● Assigned task
Only the lines from the one containing "this 1387×1560 image." to the end of the data are wanted; print them exactly as they appear.

● Dataset content

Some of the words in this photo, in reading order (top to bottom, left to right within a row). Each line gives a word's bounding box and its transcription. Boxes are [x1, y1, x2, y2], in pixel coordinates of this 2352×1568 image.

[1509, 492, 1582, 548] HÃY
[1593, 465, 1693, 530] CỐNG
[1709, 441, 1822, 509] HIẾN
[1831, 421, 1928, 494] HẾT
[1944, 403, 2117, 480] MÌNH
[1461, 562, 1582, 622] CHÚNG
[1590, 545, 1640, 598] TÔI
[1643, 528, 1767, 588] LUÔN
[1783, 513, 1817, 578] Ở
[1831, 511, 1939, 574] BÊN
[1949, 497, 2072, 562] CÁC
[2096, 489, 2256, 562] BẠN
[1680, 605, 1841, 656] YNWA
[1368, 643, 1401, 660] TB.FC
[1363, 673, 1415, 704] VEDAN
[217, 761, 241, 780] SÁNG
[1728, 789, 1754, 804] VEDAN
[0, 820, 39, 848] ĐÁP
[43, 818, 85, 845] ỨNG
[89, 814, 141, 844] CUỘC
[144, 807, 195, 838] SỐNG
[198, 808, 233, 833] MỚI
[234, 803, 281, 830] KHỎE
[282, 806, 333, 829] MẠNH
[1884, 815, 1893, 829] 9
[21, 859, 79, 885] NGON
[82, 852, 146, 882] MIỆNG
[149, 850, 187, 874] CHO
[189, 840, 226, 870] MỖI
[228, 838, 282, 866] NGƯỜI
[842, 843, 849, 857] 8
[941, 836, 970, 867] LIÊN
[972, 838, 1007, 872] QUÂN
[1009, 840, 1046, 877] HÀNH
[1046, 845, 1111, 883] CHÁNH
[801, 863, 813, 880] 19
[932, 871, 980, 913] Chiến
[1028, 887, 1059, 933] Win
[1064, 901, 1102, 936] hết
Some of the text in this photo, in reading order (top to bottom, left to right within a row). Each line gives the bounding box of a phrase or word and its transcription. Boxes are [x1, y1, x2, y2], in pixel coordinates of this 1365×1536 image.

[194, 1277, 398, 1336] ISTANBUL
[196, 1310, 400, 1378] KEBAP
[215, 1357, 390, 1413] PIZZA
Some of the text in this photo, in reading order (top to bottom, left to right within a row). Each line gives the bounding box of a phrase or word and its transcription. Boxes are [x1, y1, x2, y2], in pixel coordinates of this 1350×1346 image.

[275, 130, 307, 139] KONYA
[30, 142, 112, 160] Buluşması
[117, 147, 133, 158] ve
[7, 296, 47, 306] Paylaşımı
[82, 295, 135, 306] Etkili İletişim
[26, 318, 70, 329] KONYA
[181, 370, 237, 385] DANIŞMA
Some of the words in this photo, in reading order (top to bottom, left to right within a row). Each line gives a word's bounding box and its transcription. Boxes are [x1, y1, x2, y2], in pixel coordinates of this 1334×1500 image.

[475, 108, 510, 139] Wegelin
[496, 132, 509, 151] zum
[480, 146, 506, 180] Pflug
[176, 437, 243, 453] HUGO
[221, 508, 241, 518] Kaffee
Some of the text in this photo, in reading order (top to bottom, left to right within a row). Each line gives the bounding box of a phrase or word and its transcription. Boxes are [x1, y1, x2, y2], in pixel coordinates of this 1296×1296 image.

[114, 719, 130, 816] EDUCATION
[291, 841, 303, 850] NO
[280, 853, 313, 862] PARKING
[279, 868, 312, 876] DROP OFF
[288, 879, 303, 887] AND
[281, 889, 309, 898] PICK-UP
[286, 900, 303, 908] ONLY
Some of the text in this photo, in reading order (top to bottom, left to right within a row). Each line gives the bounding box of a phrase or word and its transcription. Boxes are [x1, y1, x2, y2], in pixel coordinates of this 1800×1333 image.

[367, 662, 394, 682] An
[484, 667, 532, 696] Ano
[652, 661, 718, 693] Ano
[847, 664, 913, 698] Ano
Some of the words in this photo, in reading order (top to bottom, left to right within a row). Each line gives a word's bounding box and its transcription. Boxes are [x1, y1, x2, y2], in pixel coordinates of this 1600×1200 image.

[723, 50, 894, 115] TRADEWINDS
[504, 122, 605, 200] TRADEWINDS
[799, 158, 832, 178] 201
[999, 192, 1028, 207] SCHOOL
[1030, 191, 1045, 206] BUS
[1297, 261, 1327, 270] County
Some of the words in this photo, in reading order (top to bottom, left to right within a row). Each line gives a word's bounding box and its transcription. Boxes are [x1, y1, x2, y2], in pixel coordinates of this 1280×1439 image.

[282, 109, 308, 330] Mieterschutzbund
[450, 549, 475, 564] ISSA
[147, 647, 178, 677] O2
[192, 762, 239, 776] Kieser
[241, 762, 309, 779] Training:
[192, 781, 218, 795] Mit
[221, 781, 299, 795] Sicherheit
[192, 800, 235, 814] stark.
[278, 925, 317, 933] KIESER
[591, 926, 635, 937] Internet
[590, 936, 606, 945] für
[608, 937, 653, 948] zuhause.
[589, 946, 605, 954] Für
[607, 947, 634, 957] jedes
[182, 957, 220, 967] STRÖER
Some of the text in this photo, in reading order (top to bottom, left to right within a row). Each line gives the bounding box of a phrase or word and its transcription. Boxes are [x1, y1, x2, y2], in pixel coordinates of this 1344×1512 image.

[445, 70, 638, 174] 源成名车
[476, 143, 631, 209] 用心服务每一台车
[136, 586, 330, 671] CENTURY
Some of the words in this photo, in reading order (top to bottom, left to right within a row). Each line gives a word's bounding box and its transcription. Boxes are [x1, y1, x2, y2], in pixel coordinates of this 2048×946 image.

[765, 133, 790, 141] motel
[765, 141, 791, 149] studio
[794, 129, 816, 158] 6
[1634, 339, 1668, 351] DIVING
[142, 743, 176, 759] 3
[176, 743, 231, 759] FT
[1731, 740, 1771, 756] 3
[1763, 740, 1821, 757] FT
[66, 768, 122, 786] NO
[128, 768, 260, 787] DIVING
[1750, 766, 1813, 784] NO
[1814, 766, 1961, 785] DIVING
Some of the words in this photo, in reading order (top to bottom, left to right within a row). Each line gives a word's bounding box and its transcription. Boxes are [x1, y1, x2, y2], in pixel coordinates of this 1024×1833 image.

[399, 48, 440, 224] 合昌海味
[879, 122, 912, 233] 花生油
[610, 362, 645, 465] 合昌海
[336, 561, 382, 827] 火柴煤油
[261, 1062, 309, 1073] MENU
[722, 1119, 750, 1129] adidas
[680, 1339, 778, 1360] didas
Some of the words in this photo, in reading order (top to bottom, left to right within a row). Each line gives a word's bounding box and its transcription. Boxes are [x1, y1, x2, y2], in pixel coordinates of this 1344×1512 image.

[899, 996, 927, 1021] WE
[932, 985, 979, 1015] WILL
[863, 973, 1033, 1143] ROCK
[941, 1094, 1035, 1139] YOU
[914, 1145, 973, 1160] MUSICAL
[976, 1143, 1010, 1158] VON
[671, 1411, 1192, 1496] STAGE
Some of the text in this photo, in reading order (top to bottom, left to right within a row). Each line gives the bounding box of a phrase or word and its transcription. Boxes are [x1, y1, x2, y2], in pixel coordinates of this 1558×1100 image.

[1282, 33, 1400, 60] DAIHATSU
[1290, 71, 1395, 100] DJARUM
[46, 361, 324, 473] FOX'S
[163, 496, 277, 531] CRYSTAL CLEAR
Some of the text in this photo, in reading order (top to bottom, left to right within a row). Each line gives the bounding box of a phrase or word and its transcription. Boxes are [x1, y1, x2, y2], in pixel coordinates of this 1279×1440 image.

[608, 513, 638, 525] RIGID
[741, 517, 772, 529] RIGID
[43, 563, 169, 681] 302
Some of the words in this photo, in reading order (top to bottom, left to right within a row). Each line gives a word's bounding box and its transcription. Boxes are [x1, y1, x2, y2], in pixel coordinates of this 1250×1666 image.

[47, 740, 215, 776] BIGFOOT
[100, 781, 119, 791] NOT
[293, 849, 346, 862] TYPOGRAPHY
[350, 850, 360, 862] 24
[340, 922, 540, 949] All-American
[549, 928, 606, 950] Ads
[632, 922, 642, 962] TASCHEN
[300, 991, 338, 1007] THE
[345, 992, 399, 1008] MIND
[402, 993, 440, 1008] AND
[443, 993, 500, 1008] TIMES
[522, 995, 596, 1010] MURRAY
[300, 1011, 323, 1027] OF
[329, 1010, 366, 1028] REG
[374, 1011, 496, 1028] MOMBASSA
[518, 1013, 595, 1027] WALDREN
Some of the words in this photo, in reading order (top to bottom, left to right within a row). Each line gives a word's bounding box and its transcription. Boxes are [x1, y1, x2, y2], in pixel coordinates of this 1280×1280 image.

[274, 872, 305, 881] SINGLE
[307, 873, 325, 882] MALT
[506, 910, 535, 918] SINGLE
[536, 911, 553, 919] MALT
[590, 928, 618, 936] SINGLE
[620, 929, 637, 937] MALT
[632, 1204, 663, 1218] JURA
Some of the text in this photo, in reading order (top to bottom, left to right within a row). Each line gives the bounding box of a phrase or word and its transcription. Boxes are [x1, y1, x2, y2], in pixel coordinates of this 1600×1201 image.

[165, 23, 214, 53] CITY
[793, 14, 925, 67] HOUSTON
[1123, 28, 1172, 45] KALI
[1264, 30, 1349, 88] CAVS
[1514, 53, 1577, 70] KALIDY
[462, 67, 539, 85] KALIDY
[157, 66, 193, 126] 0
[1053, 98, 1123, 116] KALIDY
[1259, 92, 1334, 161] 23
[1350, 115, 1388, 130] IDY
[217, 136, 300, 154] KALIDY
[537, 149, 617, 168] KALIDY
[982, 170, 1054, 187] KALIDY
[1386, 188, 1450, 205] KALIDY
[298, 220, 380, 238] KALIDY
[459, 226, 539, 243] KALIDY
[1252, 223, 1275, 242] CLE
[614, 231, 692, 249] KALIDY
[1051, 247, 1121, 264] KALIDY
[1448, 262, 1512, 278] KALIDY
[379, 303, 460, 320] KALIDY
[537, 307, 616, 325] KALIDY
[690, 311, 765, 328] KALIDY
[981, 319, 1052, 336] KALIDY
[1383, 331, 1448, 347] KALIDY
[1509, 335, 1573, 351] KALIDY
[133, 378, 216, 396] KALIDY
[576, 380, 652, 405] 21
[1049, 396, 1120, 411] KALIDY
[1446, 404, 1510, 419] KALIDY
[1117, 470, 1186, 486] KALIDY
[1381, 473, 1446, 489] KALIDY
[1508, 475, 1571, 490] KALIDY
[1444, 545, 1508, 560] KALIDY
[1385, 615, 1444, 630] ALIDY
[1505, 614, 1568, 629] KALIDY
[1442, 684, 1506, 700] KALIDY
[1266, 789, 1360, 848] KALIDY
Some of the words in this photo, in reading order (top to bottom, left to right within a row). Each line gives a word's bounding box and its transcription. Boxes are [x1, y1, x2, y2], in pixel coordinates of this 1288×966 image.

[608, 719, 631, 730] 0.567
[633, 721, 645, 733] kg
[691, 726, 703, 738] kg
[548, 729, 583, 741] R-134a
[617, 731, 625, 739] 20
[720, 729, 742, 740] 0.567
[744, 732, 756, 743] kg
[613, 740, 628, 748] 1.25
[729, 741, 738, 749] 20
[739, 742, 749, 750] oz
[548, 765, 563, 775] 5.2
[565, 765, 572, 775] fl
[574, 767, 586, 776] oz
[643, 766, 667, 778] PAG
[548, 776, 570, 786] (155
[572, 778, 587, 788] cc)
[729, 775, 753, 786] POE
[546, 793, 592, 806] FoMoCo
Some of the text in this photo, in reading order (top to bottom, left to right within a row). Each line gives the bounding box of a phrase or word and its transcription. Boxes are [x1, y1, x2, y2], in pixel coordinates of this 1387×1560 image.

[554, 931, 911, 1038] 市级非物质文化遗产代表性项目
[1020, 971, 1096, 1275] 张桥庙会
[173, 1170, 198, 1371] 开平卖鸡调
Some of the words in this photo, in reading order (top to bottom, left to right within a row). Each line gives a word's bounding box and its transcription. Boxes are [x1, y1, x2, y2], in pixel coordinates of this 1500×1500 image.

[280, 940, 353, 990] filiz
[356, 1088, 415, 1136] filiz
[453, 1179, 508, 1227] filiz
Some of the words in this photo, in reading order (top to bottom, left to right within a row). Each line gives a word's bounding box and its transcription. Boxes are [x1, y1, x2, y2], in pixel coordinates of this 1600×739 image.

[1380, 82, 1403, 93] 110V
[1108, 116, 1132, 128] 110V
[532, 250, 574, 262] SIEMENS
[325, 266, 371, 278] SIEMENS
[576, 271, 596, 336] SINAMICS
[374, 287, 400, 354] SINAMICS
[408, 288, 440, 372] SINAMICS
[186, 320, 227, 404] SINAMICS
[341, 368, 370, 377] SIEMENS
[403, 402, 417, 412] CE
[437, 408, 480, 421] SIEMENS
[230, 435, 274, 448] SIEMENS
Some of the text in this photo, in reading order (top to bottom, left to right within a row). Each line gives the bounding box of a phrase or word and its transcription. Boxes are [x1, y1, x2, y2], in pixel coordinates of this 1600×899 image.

● Solution to this exercise
Some of the text in this photo, in reading order (top to bottom, left to right within a row). Each line gives the bounding box of a phrase or word and its transcription. Boxes are [x1, y1, x2, y2], in pixel coordinates of this 1387×1560 image.

[554, 931, 911, 1038] 市级非物质文化遗产代表性项目
[1020, 971, 1096, 1275] 张桥庙会
[173, 1170, 198, 1371] 开平卖鸡调
Some of the words in this photo, in reading order (top to bottom, left to right within a row). Each line gives a word's bounding box and its transcription. Boxes are [x1, y1, x2, y2], in pixel coordinates of this 1500×1500 image.

[280, 940, 353, 990] filiz
[356, 1088, 415, 1136] filiz
[453, 1179, 508, 1227] filiz
Some of the words in this photo, in reading order (top to bottom, left to right within a row). Each line gives a word's bounding box and its transcription. Boxes are [x1, y1, x2, y2], in pixel coordinates of this 1600×739 image.

[1380, 82, 1403, 93] 110V
[1108, 116, 1132, 128] 110V
[532, 250, 574, 262] SIEMENS
[325, 266, 371, 278] SIEMENS
[576, 271, 596, 336] SINAMICS
[374, 287, 400, 354] SINAMICS
[408, 288, 440, 372] SINAMICS
[186, 320, 227, 404] SINAMICS
[341, 368, 370, 377] SIEMENS
[403, 402, 417, 412] CE
[437, 408, 480, 421] SIEMENS
[230, 435, 274, 448] SIEMENS
Some of the text in this photo, in reading order (top to bottom, left to right within a row). Each line gives the bounding box of a phrase or word and its transcription. Boxes are [x1, y1, x2, y2], in pixel coordinates of this 1600×899 image.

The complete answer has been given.